(Material to process Opens)

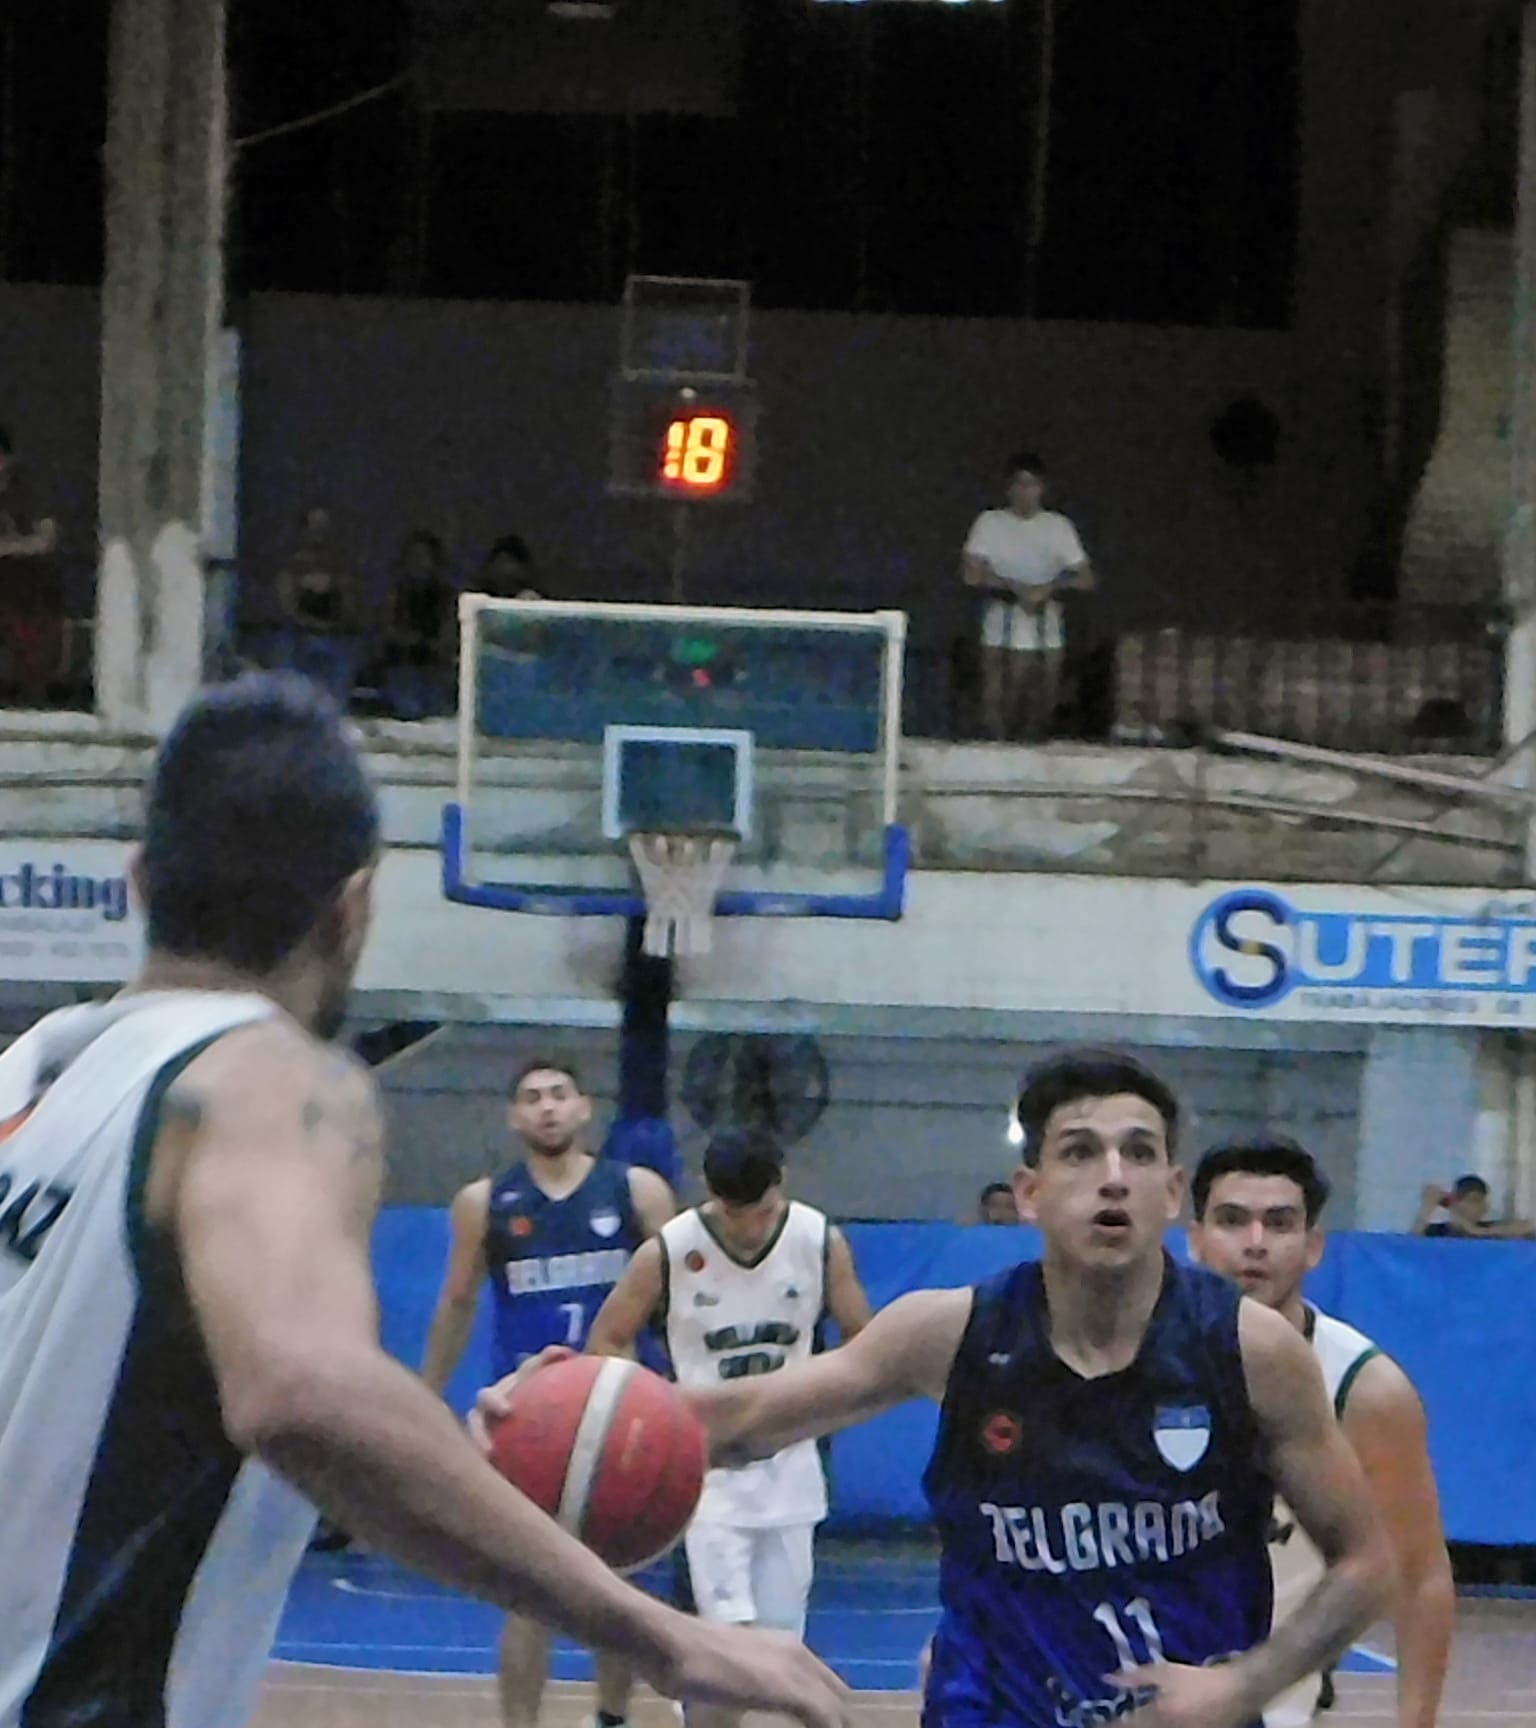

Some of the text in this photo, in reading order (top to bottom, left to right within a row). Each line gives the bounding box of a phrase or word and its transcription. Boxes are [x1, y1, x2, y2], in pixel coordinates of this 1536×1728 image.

[664, 416, 728, 484] 18
[559, 1303, 584, 1344] 7
[1092, 1596, 1168, 1674] 11
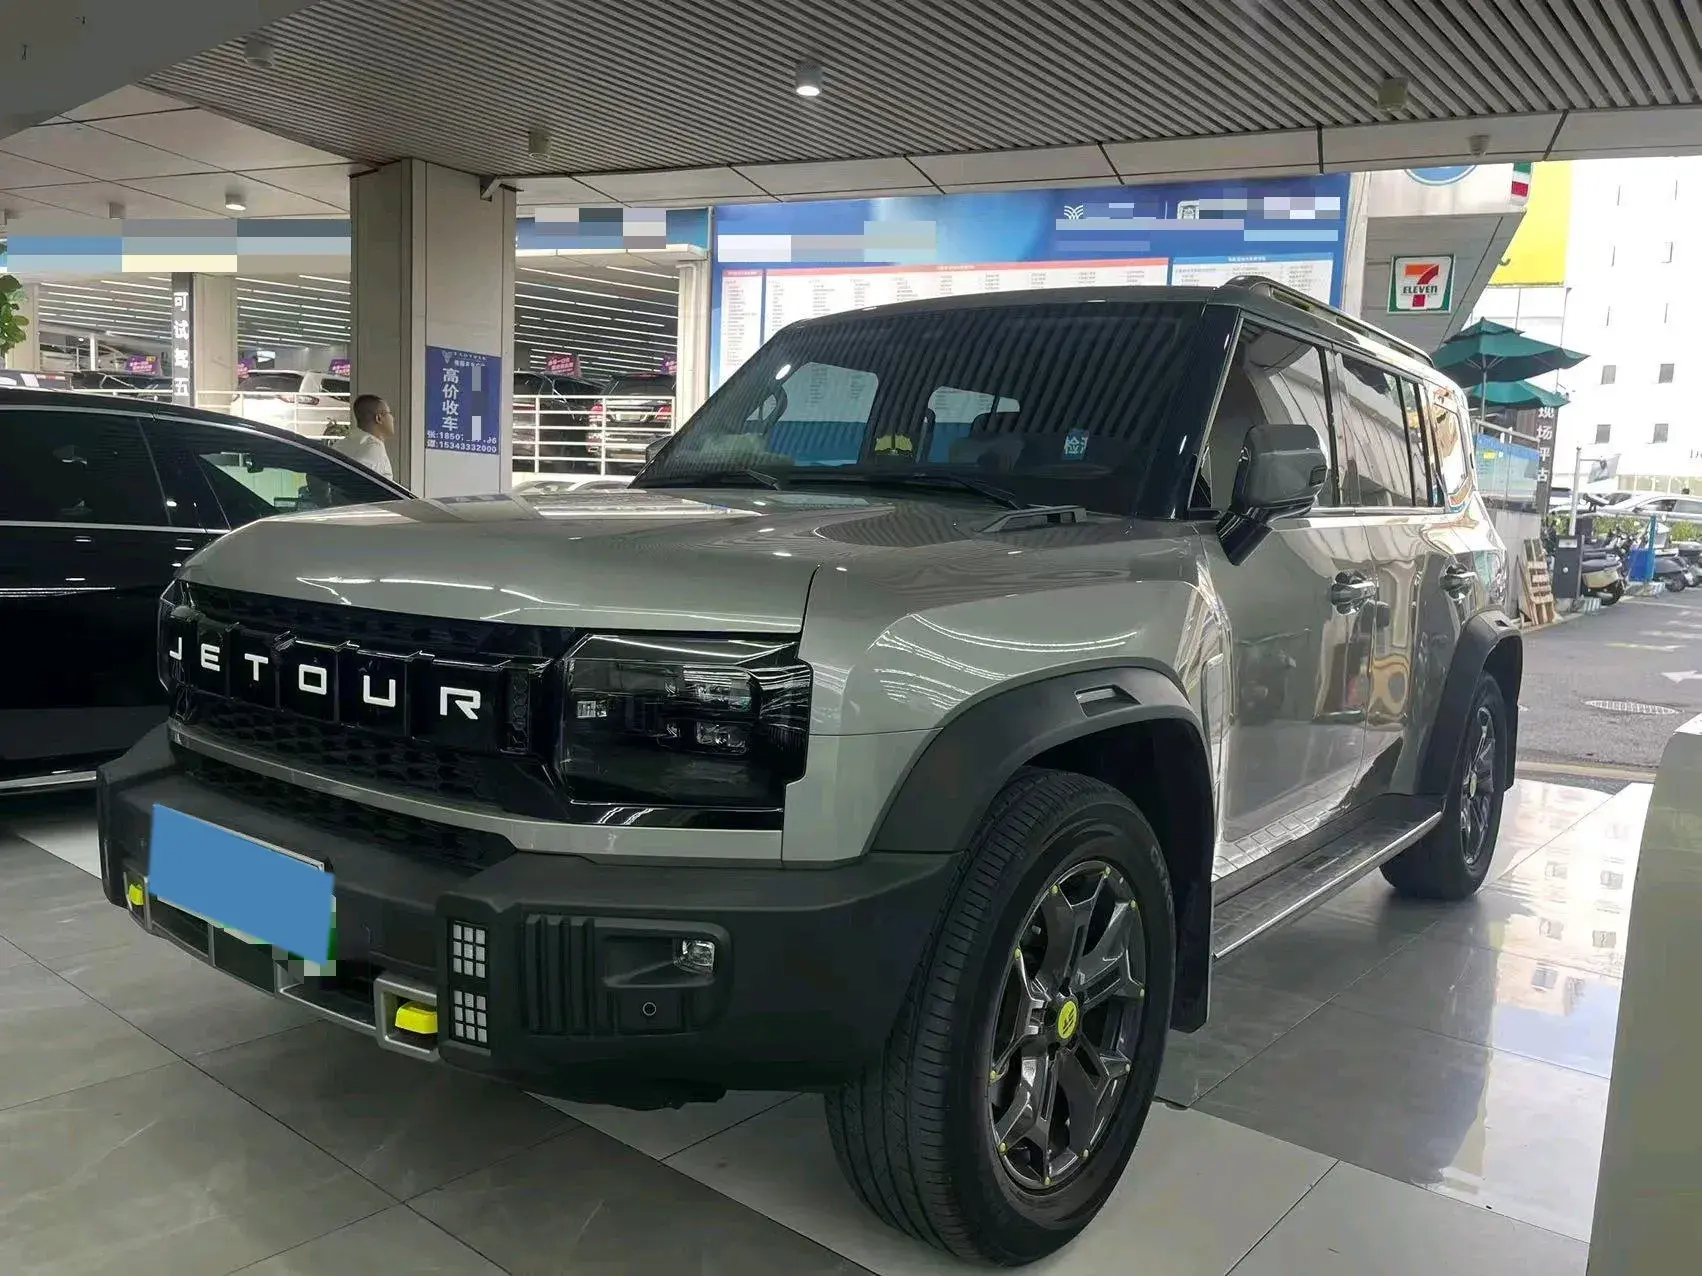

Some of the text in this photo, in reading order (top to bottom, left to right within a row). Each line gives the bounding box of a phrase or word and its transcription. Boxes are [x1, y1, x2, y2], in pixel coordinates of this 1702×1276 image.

[442, 367, 459, 431] 高价收车
[169, 636, 482, 720] JETOUR
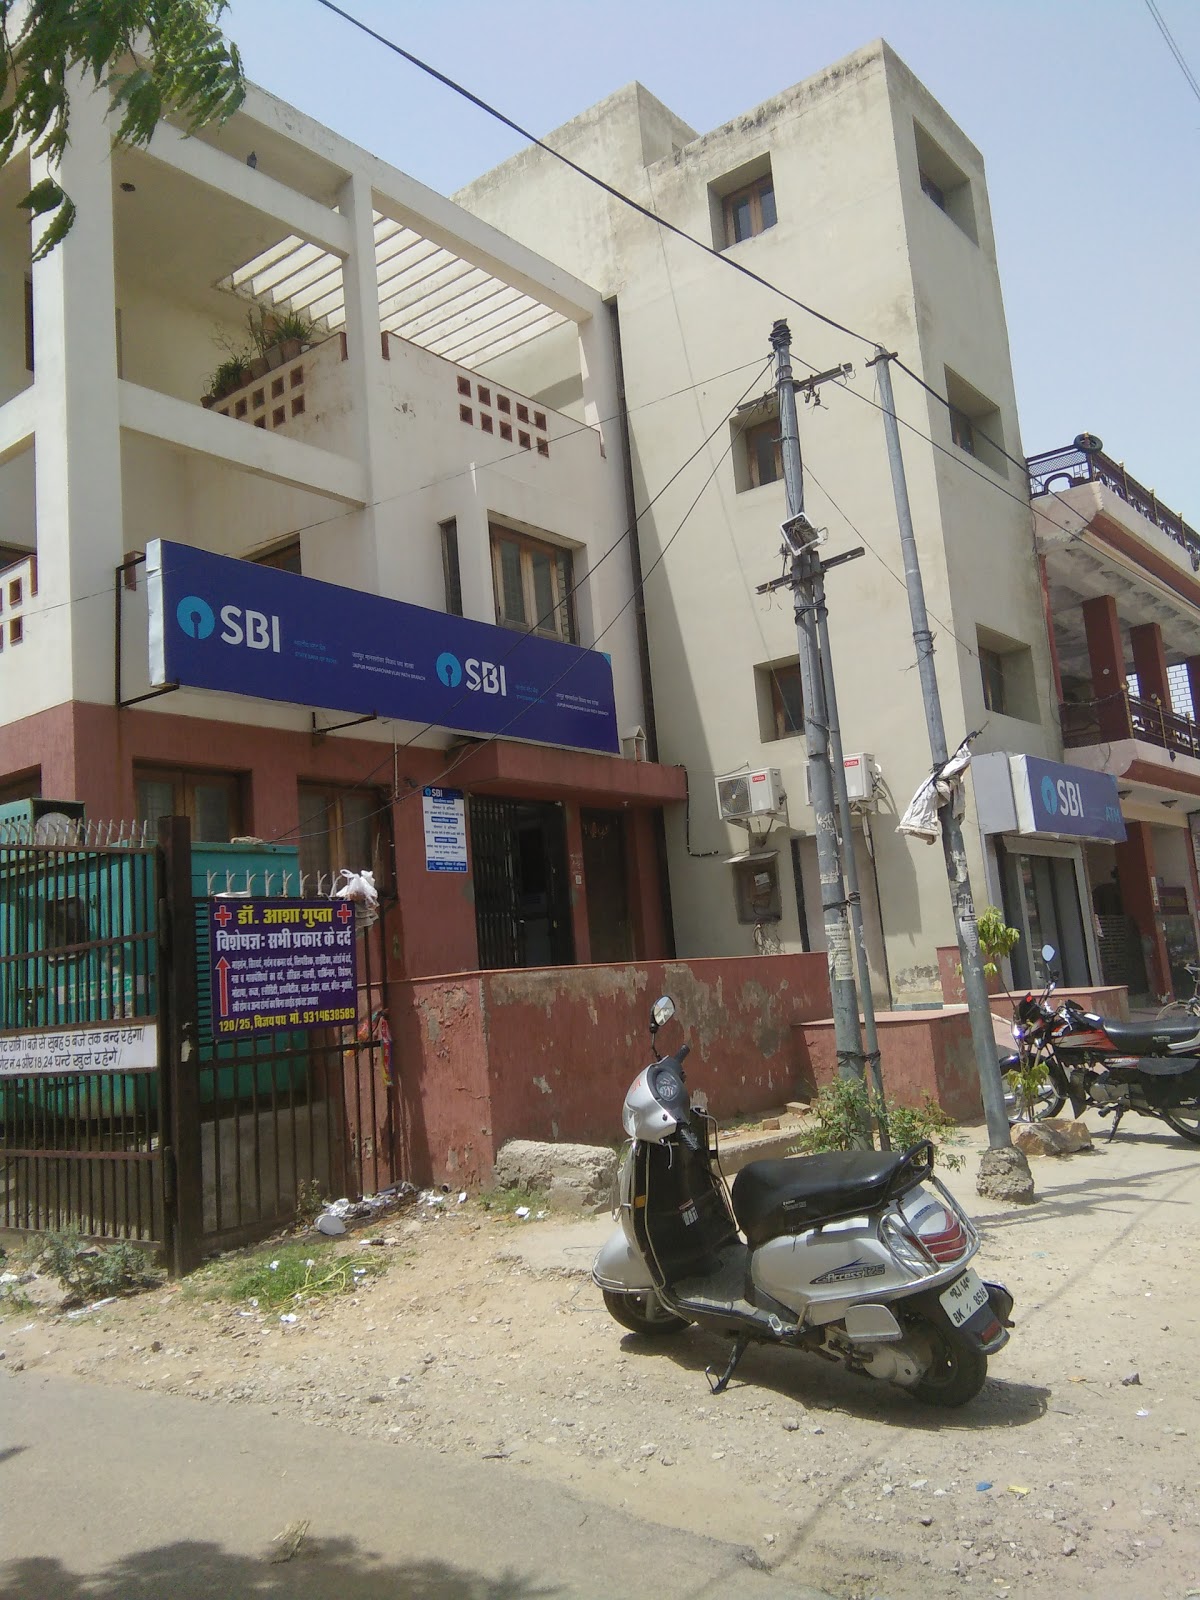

(Material to process Closes)

:: Task brief ::
These entries are to be printed again word for word, except for the pictures.

:: Task result ::
Some of the text in this photo, in reading order (top to bottom, left to right within a row). Each line gives the bounding box of a phrase or word and its transcription. Boxes are [x1, y1, x2, y2], in pixel coordinates of this 1536×1728 image.

[664, 416, 728, 484] 18
[559, 1303, 584, 1344] 7
[1092, 1596, 1168, 1674] 11

Some of the text in this photo, in reading order (top to bottom, left to right within a row). Each line gives the bounding box of a phrase or word and its transcription. Boxes are [x1, y1, x2, y2], in pixel coordinates of this 1702×1276 image.

[442, 367, 459, 431] 高价收车
[169, 636, 482, 720] JETOUR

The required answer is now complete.